- [Work instruction] Every entry that follows should be reproduced exactly.

Phrase grounding data:
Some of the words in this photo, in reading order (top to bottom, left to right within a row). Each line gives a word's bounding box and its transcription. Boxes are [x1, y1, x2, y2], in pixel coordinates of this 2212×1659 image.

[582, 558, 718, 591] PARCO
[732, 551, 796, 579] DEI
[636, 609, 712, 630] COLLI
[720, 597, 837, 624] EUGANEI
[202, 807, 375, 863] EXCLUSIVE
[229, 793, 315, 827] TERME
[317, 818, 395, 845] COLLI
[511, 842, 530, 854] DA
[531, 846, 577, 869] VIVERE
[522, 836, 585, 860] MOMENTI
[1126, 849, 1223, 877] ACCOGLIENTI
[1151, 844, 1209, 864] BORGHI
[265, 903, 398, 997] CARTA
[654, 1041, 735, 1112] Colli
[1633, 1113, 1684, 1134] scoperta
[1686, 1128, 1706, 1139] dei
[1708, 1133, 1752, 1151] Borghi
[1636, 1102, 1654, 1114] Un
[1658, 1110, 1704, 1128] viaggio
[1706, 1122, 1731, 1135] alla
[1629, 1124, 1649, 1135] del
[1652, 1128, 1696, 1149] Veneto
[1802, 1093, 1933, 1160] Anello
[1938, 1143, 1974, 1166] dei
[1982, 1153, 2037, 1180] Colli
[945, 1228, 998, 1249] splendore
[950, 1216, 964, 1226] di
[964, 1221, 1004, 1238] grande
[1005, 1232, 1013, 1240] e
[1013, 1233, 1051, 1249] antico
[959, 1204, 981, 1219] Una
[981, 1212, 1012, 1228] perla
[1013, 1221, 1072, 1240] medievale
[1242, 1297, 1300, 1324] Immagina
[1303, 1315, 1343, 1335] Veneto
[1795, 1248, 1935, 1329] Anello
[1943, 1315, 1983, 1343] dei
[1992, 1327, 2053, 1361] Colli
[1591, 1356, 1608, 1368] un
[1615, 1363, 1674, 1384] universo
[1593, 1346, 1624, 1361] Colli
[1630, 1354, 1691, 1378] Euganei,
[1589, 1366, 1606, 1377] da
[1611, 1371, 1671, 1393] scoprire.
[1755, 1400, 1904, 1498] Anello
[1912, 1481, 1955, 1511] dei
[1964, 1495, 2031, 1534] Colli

- [Final answer]
Some of the words in this photo, in reading order (top to bottom, left to right within a row). Each line gives a word's bounding box and its transcription. Boxes are [x1, y1, x2, y2], in pixel coordinates of this 2212×1659 image.

[582, 558, 718, 591] PARCO
[732, 551, 796, 579] DEI
[636, 609, 712, 630] COLLI
[720, 597, 837, 624] EUGANEI
[202, 807, 375, 863] EXCLUSIVE
[229, 793, 315, 827] TERME
[317, 818, 395, 845] COLLI
[511, 842, 530, 854] DA
[531, 846, 577, 869] VIVERE
[522, 836, 585, 860] MOMENTI
[1126, 849, 1223, 877] ACCOGLIENTI
[1151, 844, 1209, 864] BORGHI
[265, 903, 398, 997] CARTA
[654, 1041, 735, 1112] Colli
[1633, 1113, 1684, 1134] scoperta
[1686, 1128, 1706, 1139] dei
[1708, 1133, 1752, 1151] Borghi
[1636, 1102, 1654, 1114] Un
[1658, 1110, 1704, 1128] viaggio
[1706, 1122, 1731, 1135] alla
[1629, 1124, 1649, 1135] del
[1652, 1128, 1696, 1149] Veneto
[1802, 1093, 1933, 1160] Anello
[1938, 1143, 1974, 1166] dei
[1982, 1153, 2037, 1180] Colli
[945, 1228, 998, 1249] splendore
[950, 1216, 964, 1226] di
[964, 1221, 1004, 1238] grande
[1005, 1232, 1013, 1240] e
[1013, 1233, 1051, 1249] antico
[959, 1204, 981, 1219] Una
[981, 1212, 1012, 1228] perla
[1013, 1221, 1072, 1240] medievale
[1242, 1297, 1300, 1324] Immagina
[1303, 1315, 1343, 1335] Veneto
[1795, 1248, 1935, 1329] Anello
[1943, 1315, 1983, 1343] dei
[1992, 1327, 2053, 1361] Colli
[1591, 1356, 1608, 1368] un
[1615, 1363, 1674, 1384] universo
[1593, 1346, 1624, 1361] Colli
[1630, 1354, 1691, 1378] Euganei,
[1589, 1366, 1606, 1377] da
[1611, 1371, 1671, 1393] scoprire.
[1755, 1400, 1904, 1498] Anello
[1912, 1481, 1955, 1511] dei
[1964, 1495, 2031, 1534] Colli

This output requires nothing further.